Walt Disney Studios has released a new trailer for Steven Spielberg’s adaptation of the classic Roald Dahl novel The BFG.
Steven Spielberg returns with his cinematic reimagining of Roald Dahl‘s The BFG, a film that highlights what is perhaps the director’s greatest strength in filmmaking; telling children’s stories that capture the charm and magic of our imagination.
The film’s first trailer presented us with a glimpse of Academy Award winner Mark Rylance‘s Big Friendly Giant and also the World that he inhabits, all without showing too much. The newly released footage expands upon its predecessor’s material, with a clearer, more extended look at the character of The BFG, and the story beats, seen from young Sophie’s (Ruby Barnhill) perspective.
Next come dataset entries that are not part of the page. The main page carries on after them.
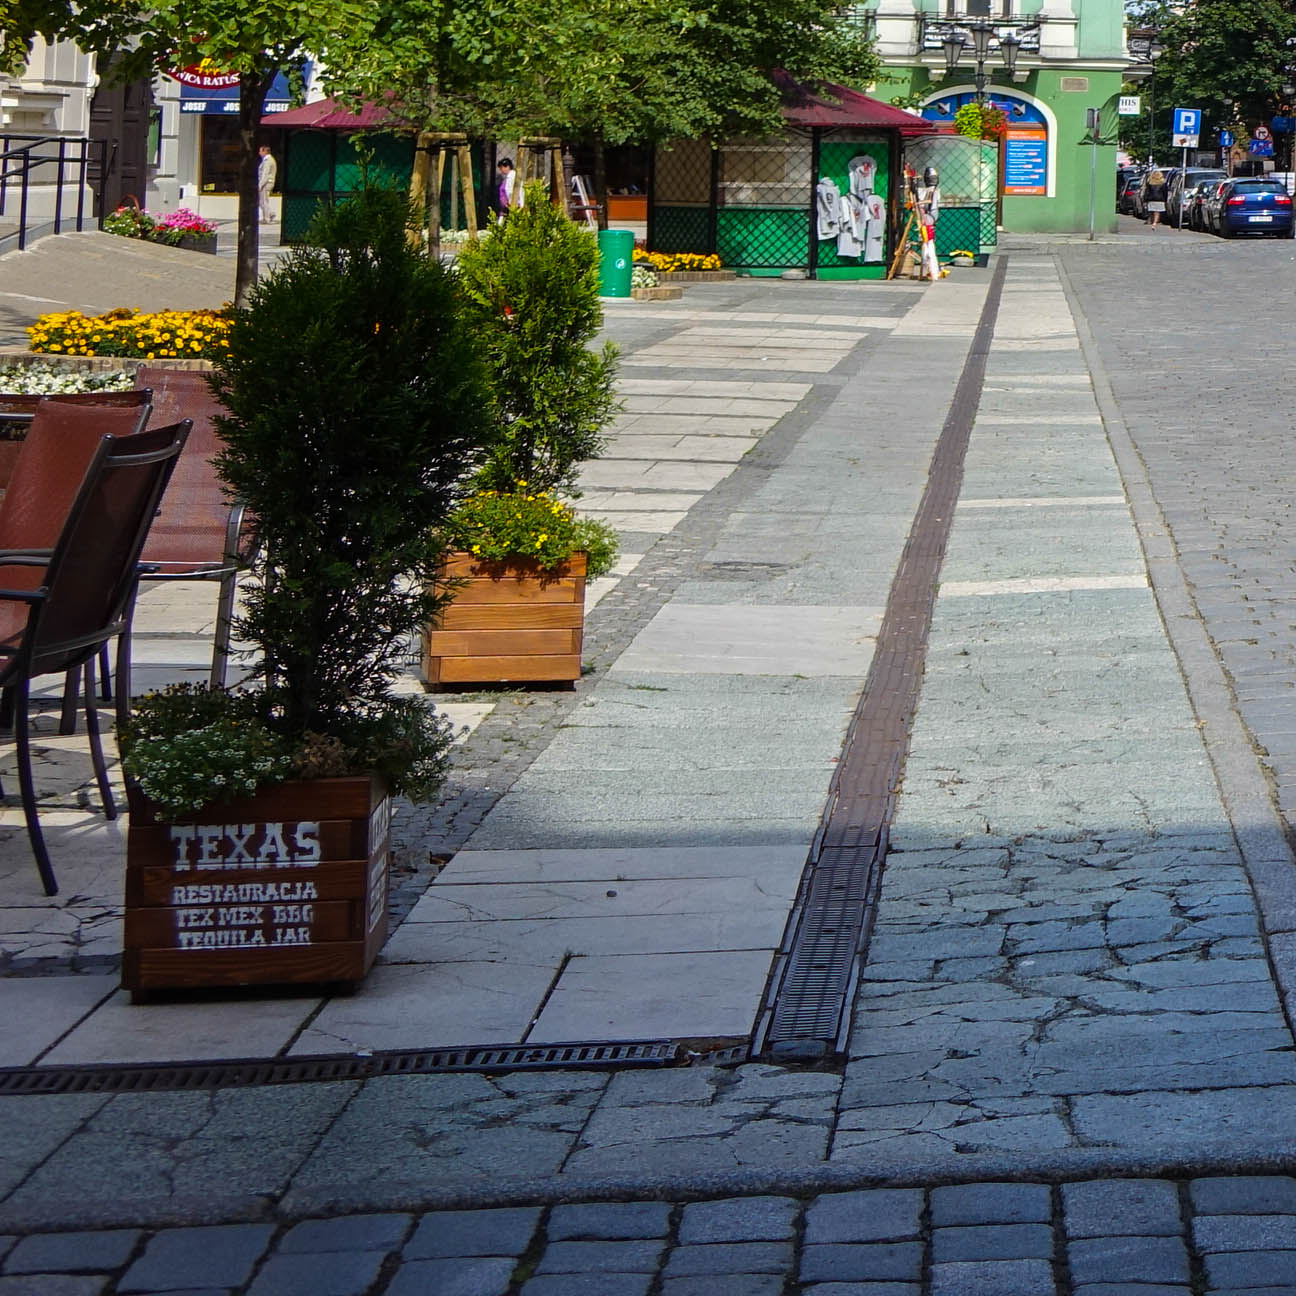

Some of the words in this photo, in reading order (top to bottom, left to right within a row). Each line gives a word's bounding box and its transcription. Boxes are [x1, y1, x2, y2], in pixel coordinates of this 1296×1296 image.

[203, 71, 240, 86] RATUS
[223, 102, 241, 112] JOS
[1179, 111, 1196, 132] P
[171, 822, 321, 871] TEXAS
[173, 882, 318, 904] RESTAURACJA
[176, 909, 214, 927] TEX
[218, 907, 264, 926] MEX
[179, 929, 266, 948] TEQUILA
It seems opinion is divided with regards to the trailer, as many viewers have voiced some disappointment with just how much CGI has been used here. while we’re not quite as skeptical, there are clearly a number of places where it does become a bit obvious that Barnhill, in reality, is sat in front of a green screen. However, with a little time to go until the movie’s release, it’s not too late to iron out some of these smaller issues, and to be honest we really don’t think there’s much to worry about when Spielberg is at the helm.
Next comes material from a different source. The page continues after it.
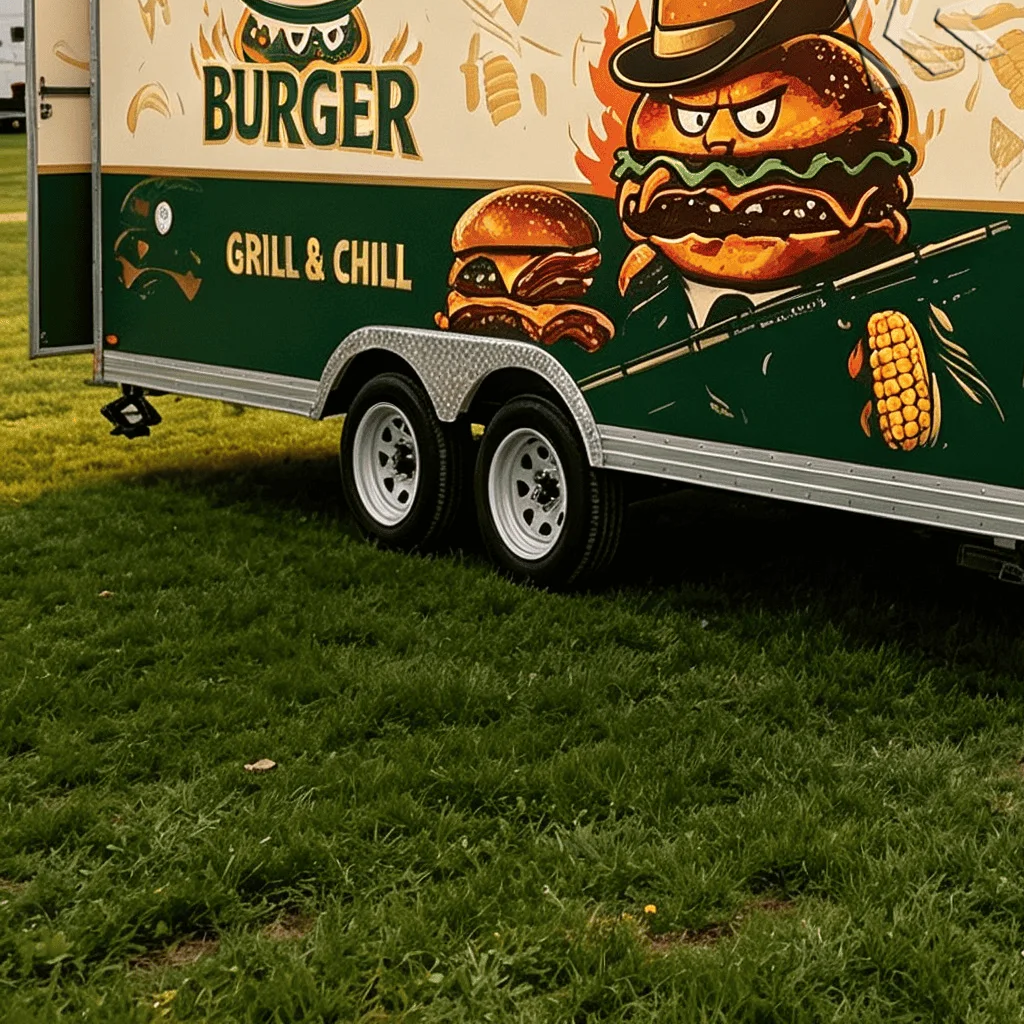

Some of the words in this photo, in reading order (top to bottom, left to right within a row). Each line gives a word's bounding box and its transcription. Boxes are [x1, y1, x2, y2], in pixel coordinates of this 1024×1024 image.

[202, 64, 422, 160] BURGER
[226, 231, 300, 279] GRILL
[305, 236, 325, 281] &
[333, 239, 412, 291] CHILL
The talents of three of the world’s greatest storytellers – Roald Dahl, Walt Disney and Steven Spielberg –finally unite to bring Dahl’s beloved classic “The BFG” to life. Directed by Spielberg, Disney’s “The BFG” tells the imaginative story of a young girl and the Giant who introduces her to the wonders and perils of Giant Country. The BFG (Mark Rylance), while a giant himself, is a Big Friendly Giant and nothing like the other inhabitants of Giant Country. Standing 24-feet tall with enormous ears and a keen sense of smell, he is endearingly dim-witted and keeps to himself for the most part. Giants like Bloodbottler (Bill Hader) and Fleshlumpeater (Jemaine Clement) on the other hand, are twice as big and at least twice as scary and have been known to eat humans, while the BFG prefers Snozzcumber and Frobscottle. Upon her arrival in Giant Country, Sophie, a precocious 10-year-old girl from London, is initially frightened of the mysterious giant who has brought her to his cave, but soon comes to realize that the BFG is actually quite gentle and charming, and, having never met a giant before, has many questions. The BFG brings Sophie to Dream Country where he collects dreams and sends them to children, teaching her all about the magic and mystery of dreams. Having both been on their own in the world up until now, their affection for one another quickly grows, but Sophie’s presence in Giant Country has attracted the unwanted attention of the other giants, who have become increasingly more bothersome. Sophie and the BFG soon depart for London to see the Queen (Penelope Wilton) and warn her of the precarious giant situation, but they must first convince the Queen and her maid, Mary (Rebecca Hall), that giants do indeed exist. Together, they come up with a plan to get rid of the giants once and for all.
The BFG skips into theatres July 22nd.